> **WHAT IS EXPECTED**
An exact transcription of every record is needed, leaving out the pictures.

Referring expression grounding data
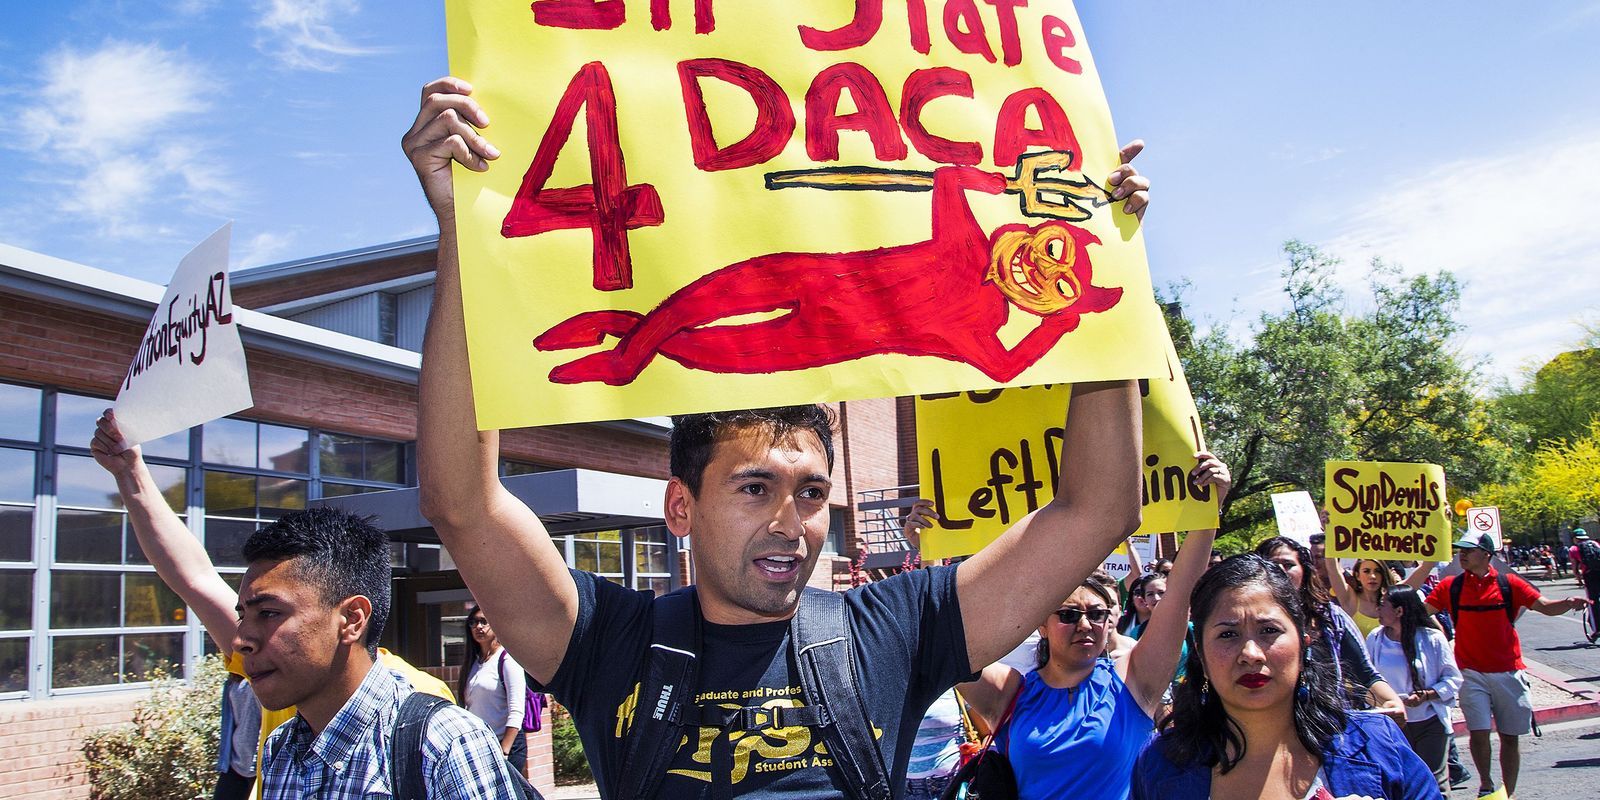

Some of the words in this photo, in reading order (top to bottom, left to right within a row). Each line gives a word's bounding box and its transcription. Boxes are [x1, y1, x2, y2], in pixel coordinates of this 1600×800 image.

[501, 61, 664, 290] 4
[677, 58, 1083, 171] DACA
[932, 447, 1043, 529] Left
[1332, 468, 1440, 514] SunDevils
[1334, 525, 1437, 556] Dreamers
[652, 684, 673, 720] THULE
[742, 687, 764, 698] and
[755, 759, 808, 773] Student

> **RESPONSE AREA**
Some of the words in this photo, in reading order (top to bottom, left to right within a row). Each line gives a word's bounding box and its transcription. Boxes are [x1, y1, x2, y2], in pixel coordinates of this 1600×800 image.

[501, 61, 664, 290] 4
[677, 58, 1083, 171] DACA
[932, 447, 1043, 529] Left
[1332, 468, 1440, 514] SunDevils
[1334, 525, 1437, 556] Dreamers
[652, 684, 673, 720] THULE
[742, 687, 764, 698] and
[755, 759, 808, 773] Student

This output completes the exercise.